Advanced Power Control for UTRAN LTE UL
Author
Quintero Goncalves, Nestor
Term
10. term
Publication year
2008
Pages
95
Abstract
3GPP selected SC-FDMA for the LTE uplink. Because SC-FDMA keeps users in the same cell from interfering with each other (intra-cell orthogonality), the main limitation becomes interference from neighboring cells. This is intensified by a frequency reuse factor of 1, where all cells use the same spectrum, making transmit power control critical. The standard defines a power-control rule with two parts: open loop and closed loop. Open-loop power control (OLPC) compensates for slow effects such as path loss and shadowing, while closed-loop power control (CLPC), which is vendor-specific and still under study, reacts to fast changes and helps manage interference. In this thesis, OLPC is analyzed to set a reference baseline, and two CLPC techniques are proposed to improve upon it. All methods are evaluated in a static simulator that models slow variations. We compare them using key indicators such as cell outage and total cell throughput. The results show up to a 22% increase in outage user throughput (i.e., for the worst-served users), together with about a 5% improvement at the cell level. Parameters can also be tuned to obtain larger gains at the cell level at the cost of smaller gains for outage users.

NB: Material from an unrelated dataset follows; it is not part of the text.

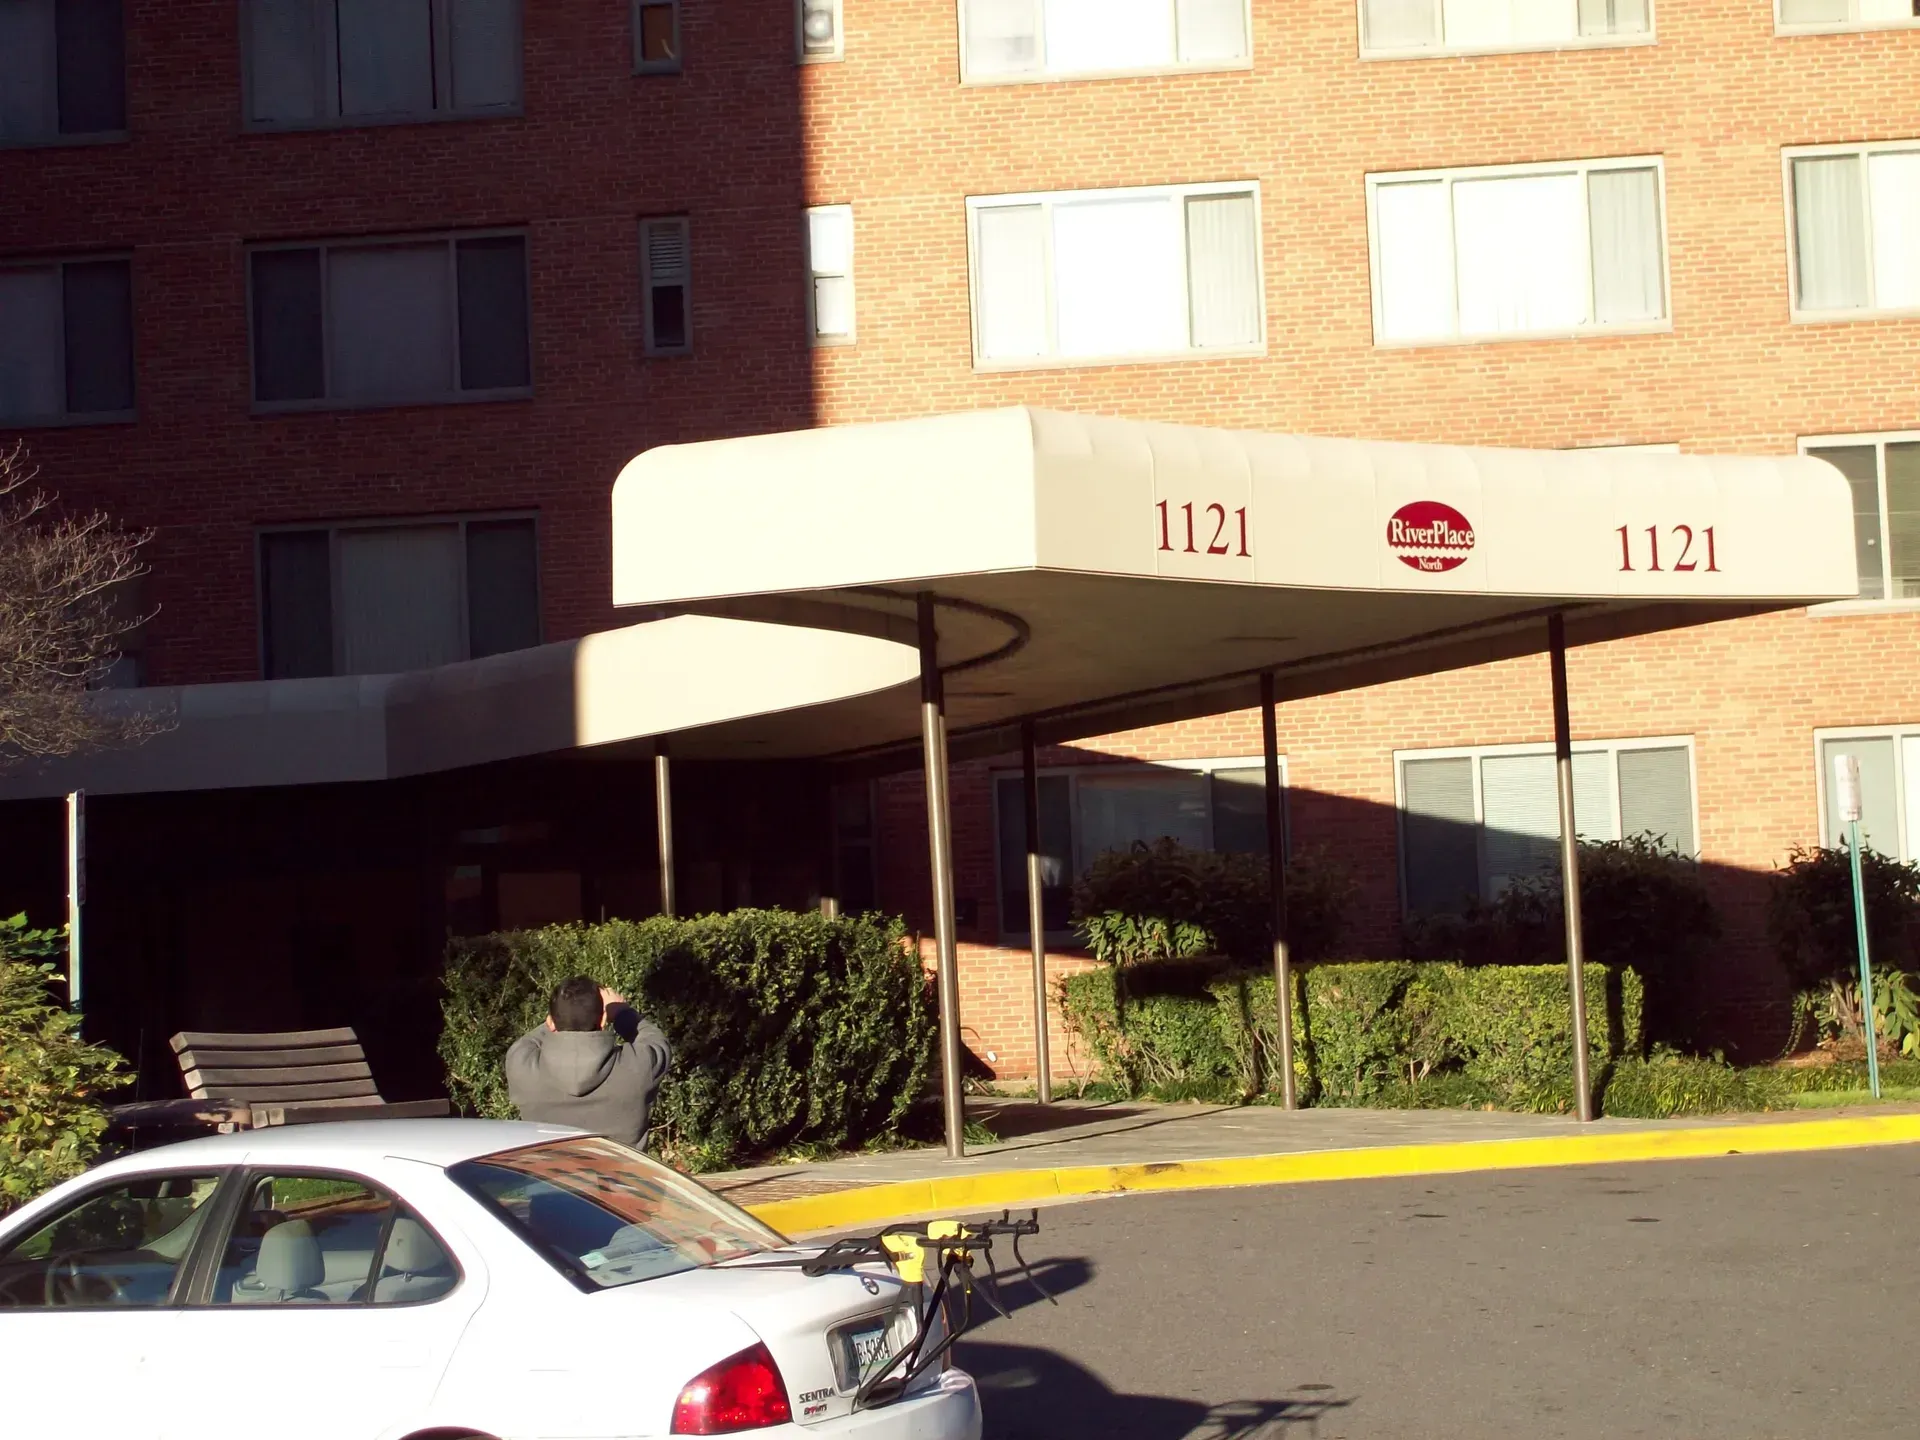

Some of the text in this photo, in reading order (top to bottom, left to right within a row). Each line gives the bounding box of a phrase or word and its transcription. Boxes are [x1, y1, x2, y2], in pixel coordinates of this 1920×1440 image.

3GPP har valgt SC-FDMA til LTE-uplink. Fordi SC-FDMA gør, at brugere i samme celle ikke forstyrrer hinanden (intra-celle-ortogonalitet), bliver den største udfordring interferens fra naboceller. Problemet forstærkes af frekvensgenbrugsfaktor 1, hvor alle celler bruger de samme frekvenser, og derfor er effektkontrol (power control) afgørende. Standarden beskriver en effektkontrolregel med to dele: åben sløjfe og lukket sløjfe. Åben sløjfe-effektkontrol (OLPC) kompenserer for langsomme variationer som stisdæmpning og skygning, mens lukket sløjfe-effektkontrol (CLPC) er leverandørafhængig og stadig under forskning; den kan reagere hurtigt og hjælpe med at styre interferens. I denne afhandling analyseres OLPC for at etablere en reference, og der foreslås to CLPC-teknikker for at forbedre den. Alle metoder testes i en statisk simulator, der modellerer langsomme variationer. Vi sammenligner dem ved hjælp af nøgletal som cellens outage og samlet cellegennemstrømning. Resultaterne viser op til 22% forbedring af outage-brugeres throughput (de dårligst stillede brugere) sammen med omkring 5% forbedring på celleniveau. Parametrene kan også indstilles, så man opnår større gevinst på celleniveau på bekostning af en mindre gevinst for outage-brugere.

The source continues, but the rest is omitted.